Data entries
==*==

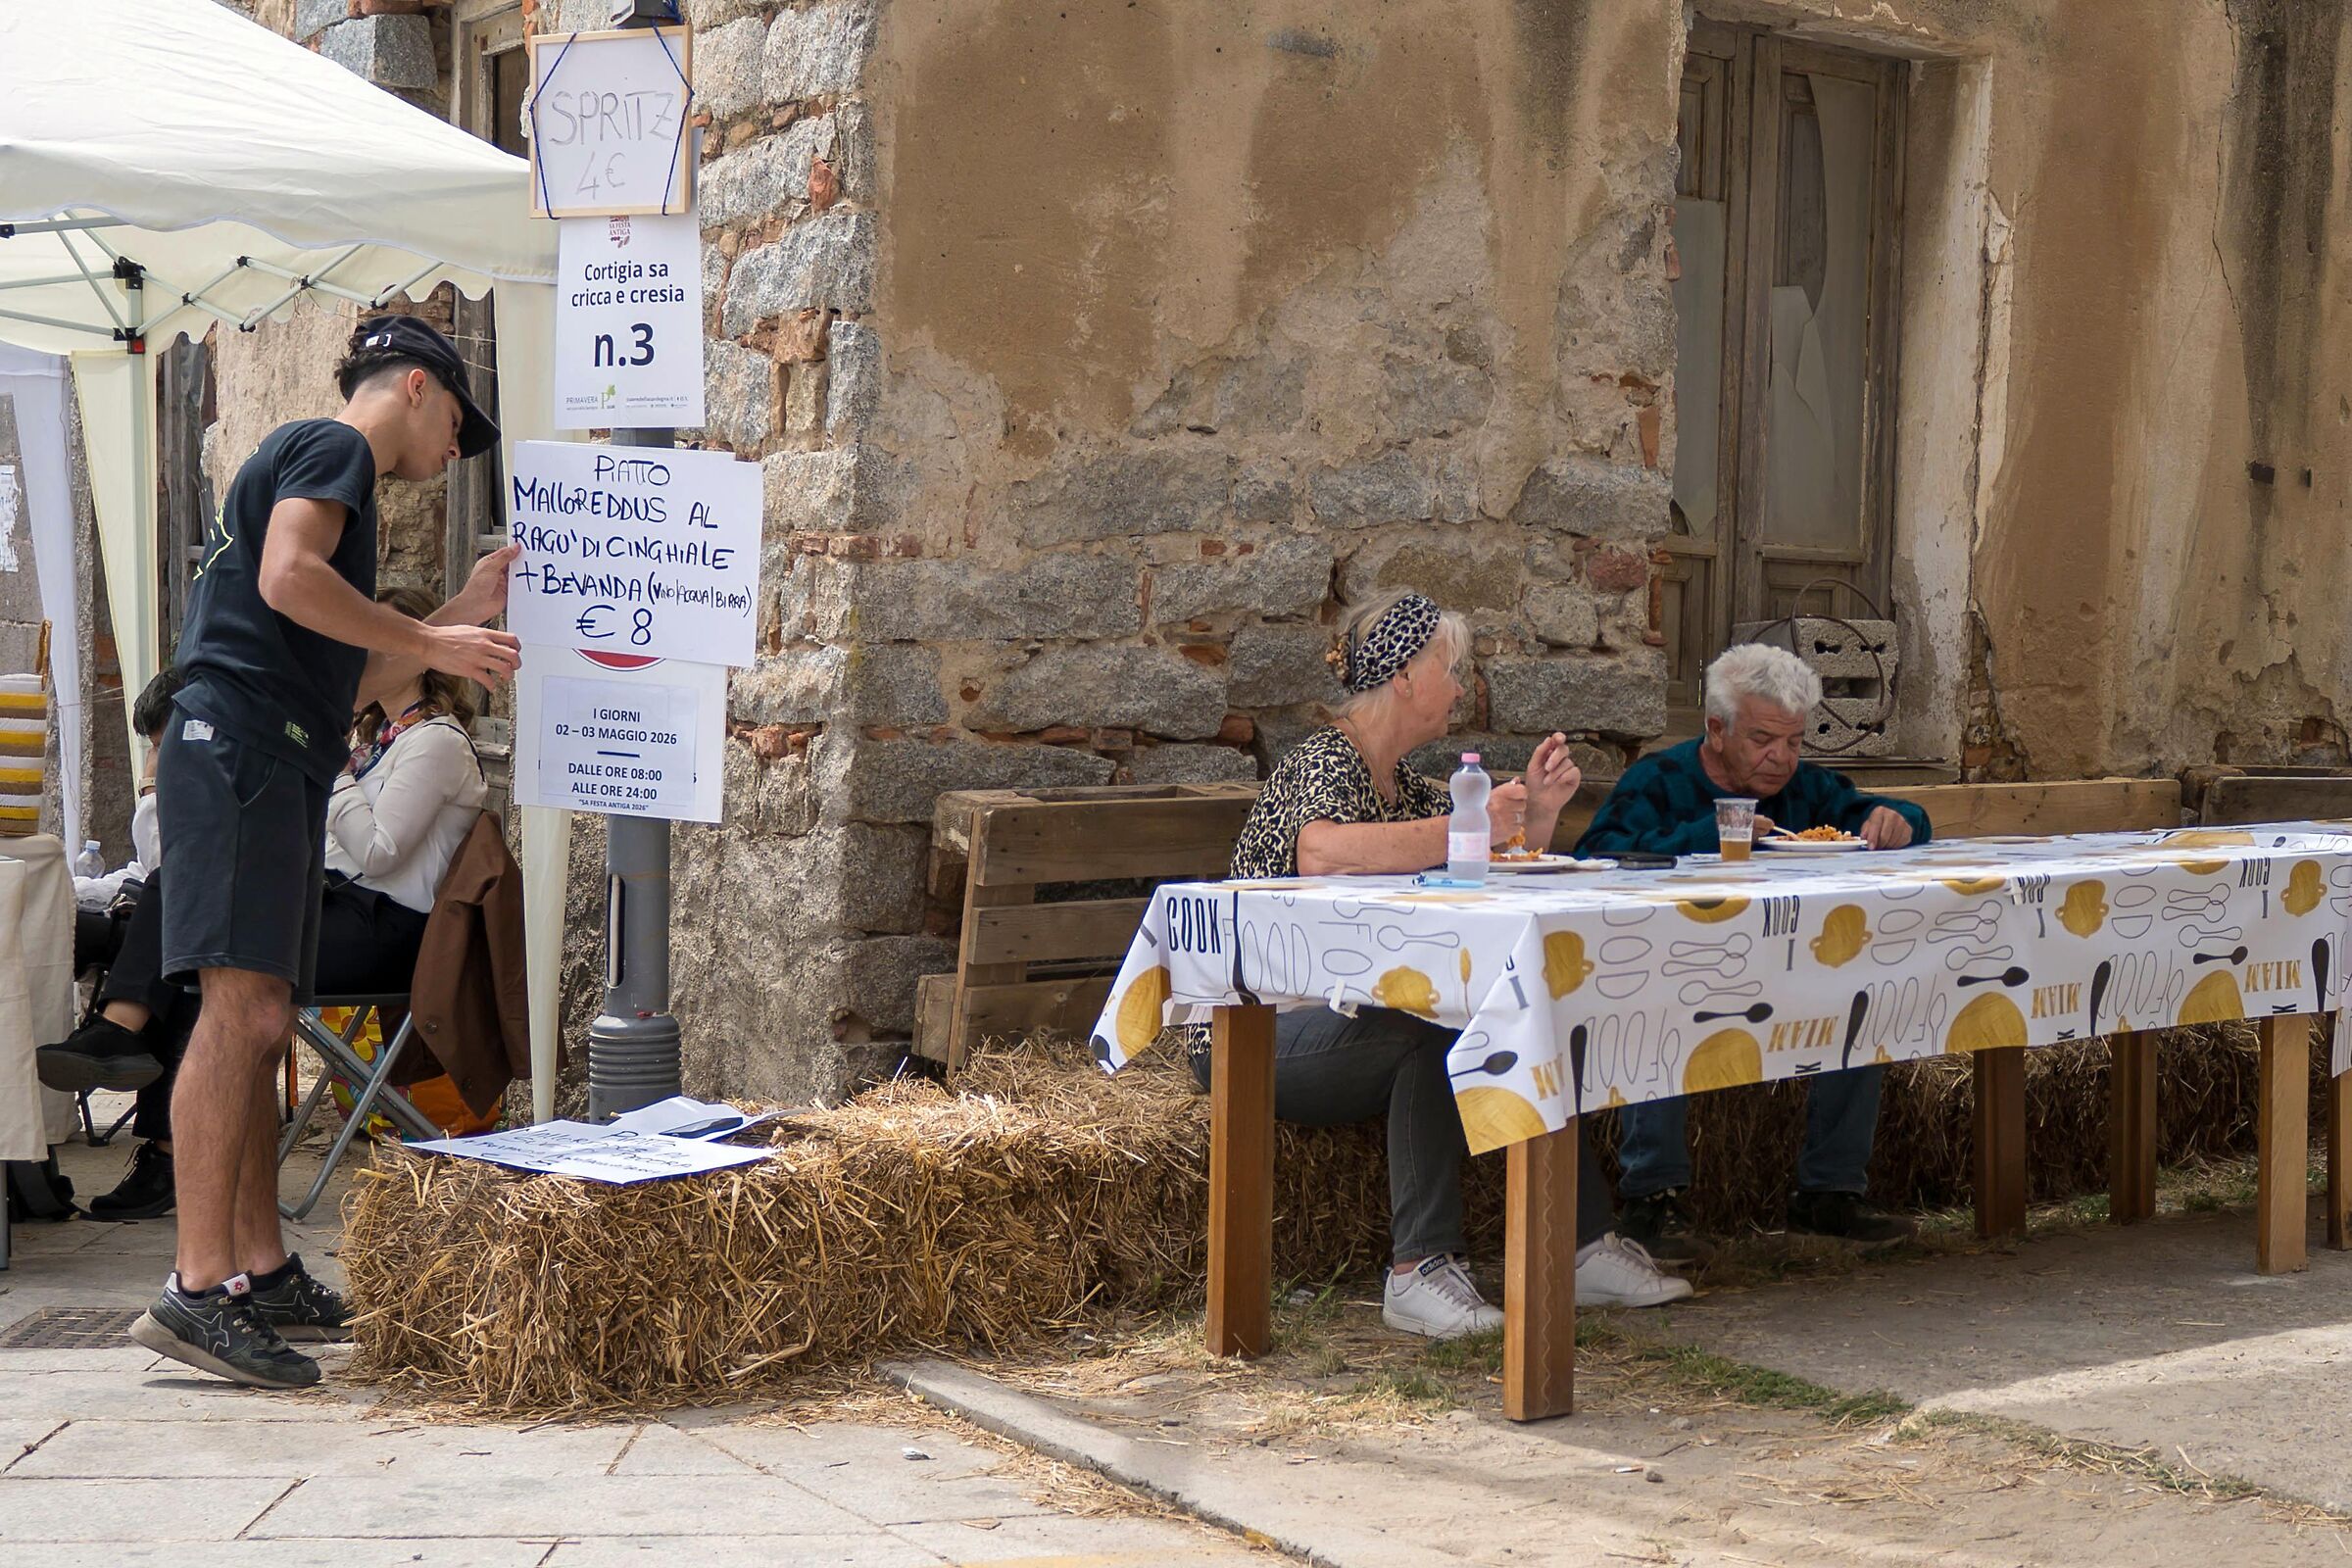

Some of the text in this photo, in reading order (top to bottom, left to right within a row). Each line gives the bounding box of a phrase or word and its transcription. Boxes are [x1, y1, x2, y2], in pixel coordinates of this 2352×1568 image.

[549, 90, 674, 146] SPRITZ
[584, 261, 668, 283] Cortigia sa
[571, 283, 685, 307] cricca e cresia
[594, 322, 656, 368] n.3
[688, 502, 718, 529] AL
[541, 564, 642, 602] BEVANDA
[575, 605, 653, 646] € 8
[593, 708, 641, 722] I GIORNI
[556, 724, 569, 736] 02
[581, 726, 595, 738] 03
[598, 727, 648, 742] MAGGIO
[650, 731, 677, 745] 2026
[568, 762, 662, 781] DALLE ORE 08:00
[571, 782, 658, 800] ALLE ORE 24:00
[590, 800, 607, 808] FESTA
[608, 802, 630, 810] ANTIGA
[1166, 897, 1221, 954] COOK
[1763, 895, 1800, 938] COOK
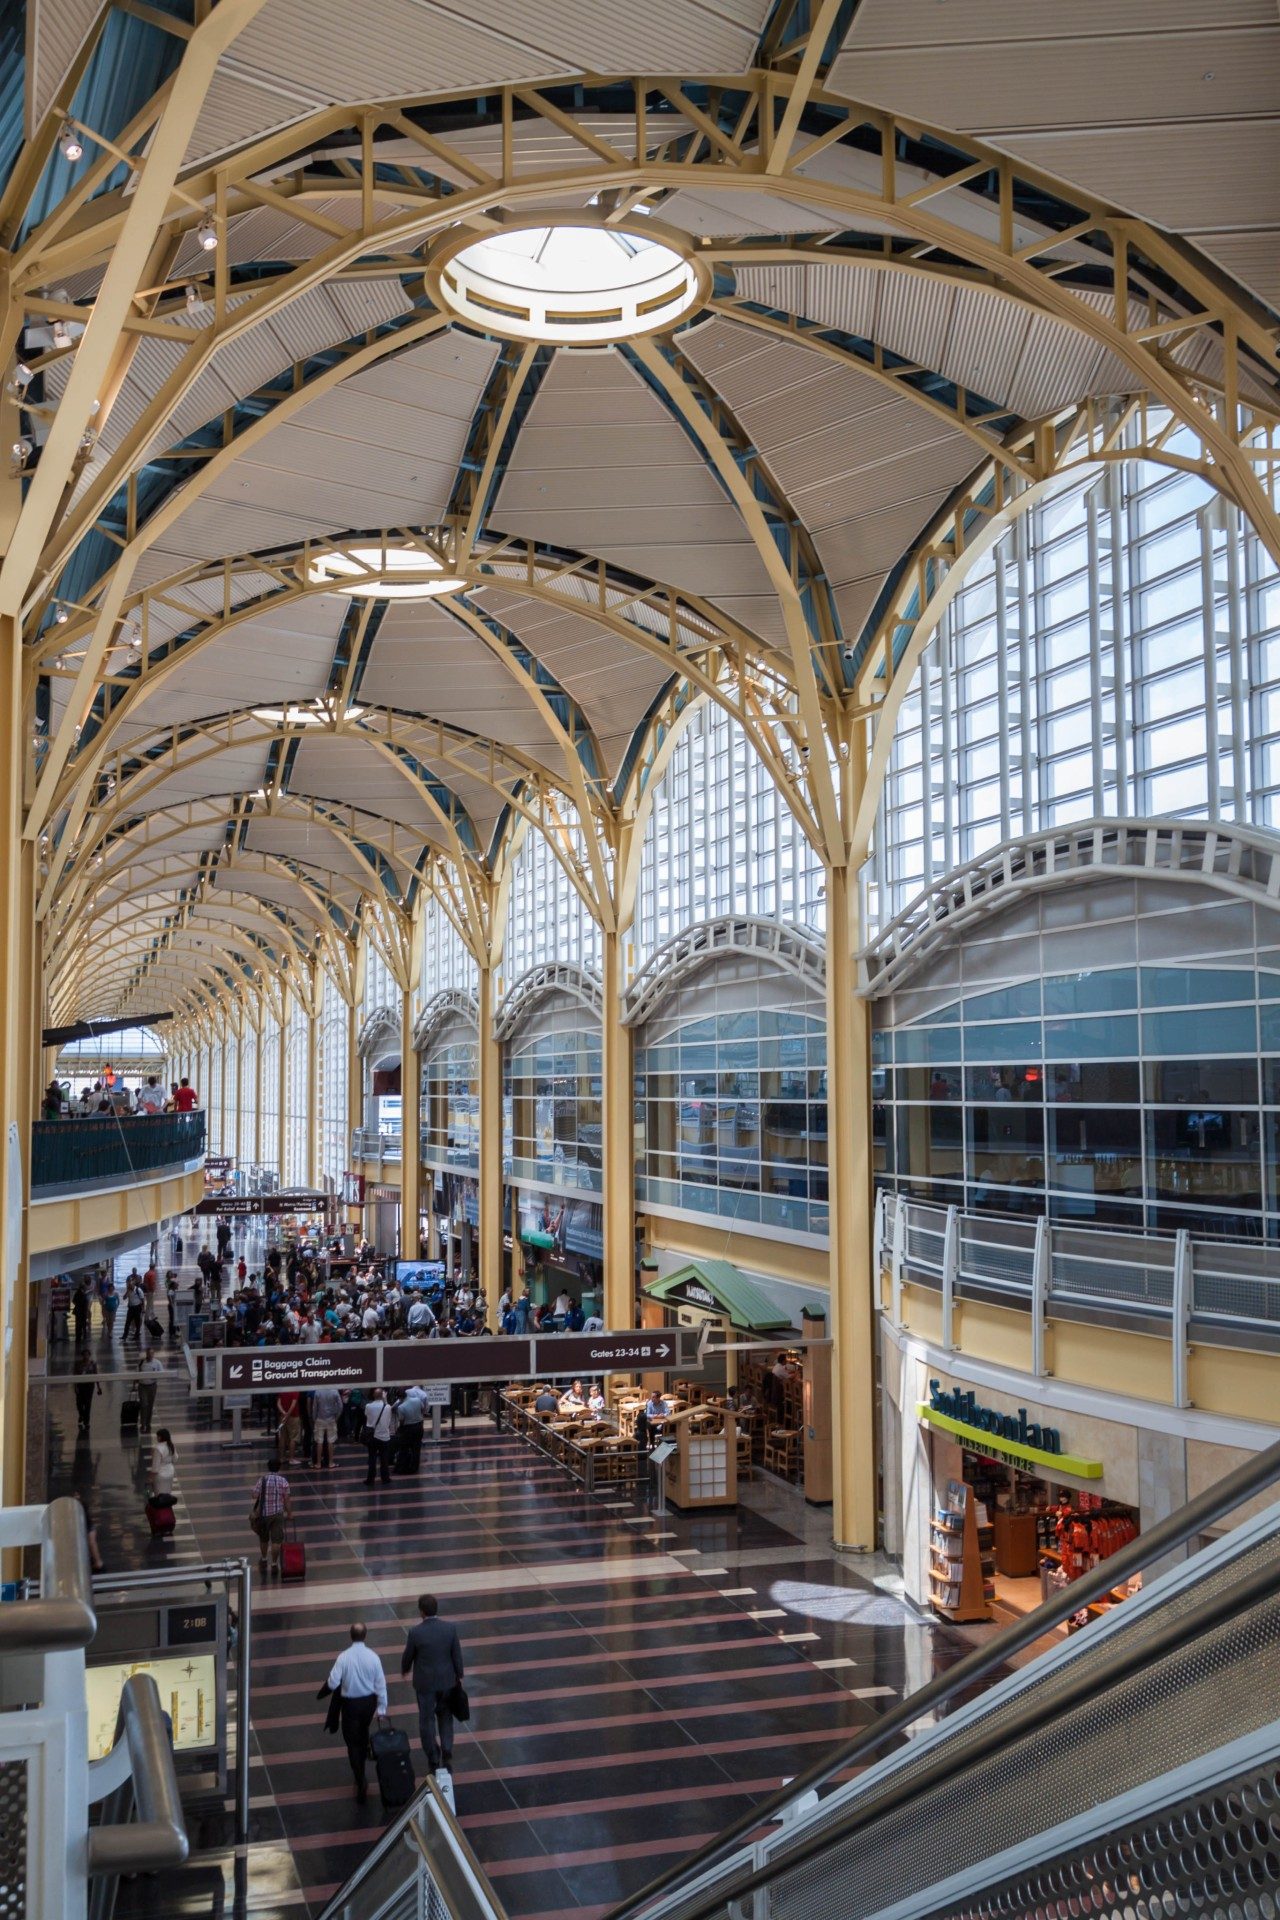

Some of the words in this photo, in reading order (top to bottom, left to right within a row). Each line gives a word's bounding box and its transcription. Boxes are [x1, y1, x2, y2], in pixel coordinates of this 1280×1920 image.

==*==

Verbatim copy with pictures excluded: write out the records above in full.

Some of the text in this photo, in reading order (top to bottom, left to right within a row). Each line gives the bounding box of a phrase or word and its transcription. Boxes are [x1, y1, x2, y2], in pixel coordinates of this 2352×1568 image.

[549, 90, 674, 146] SPRITZ
[584, 261, 668, 283] Cortigia sa
[571, 283, 685, 307] cricca e cresia
[594, 322, 656, 368] n.3
[688, 502, 718, 529] AL
[541, 564, 642, 602] BEVANDA
[575, 605, 653, 646] € 8
[593, 708, 641, 722] I GIORNI
[556, 724, 569, 736] 02
[581, 726, 595, 738] 03
[598, 727, 648, 742] MAGGIO
[650, 731, 677, 745] 2026
[568, 762, 662, 781] DALLE ORE 08:00
[571, 782, 658, 800] ALLE ORE 24:00
[590, 800, 607, 808] FESTA
[608, 802, 630, 810] ANTIGA
[1166, 897, 1221, 954] COOK
[1763, 895, 1800, 938] COOK

Some of the words in this photo, in reading order (top to bottom, left to right within a row). Each line gives a word's bounding box and its transcription. Boxes are [x1, y1, x2, y2], in pixel coordinates of this 1280×1920 image.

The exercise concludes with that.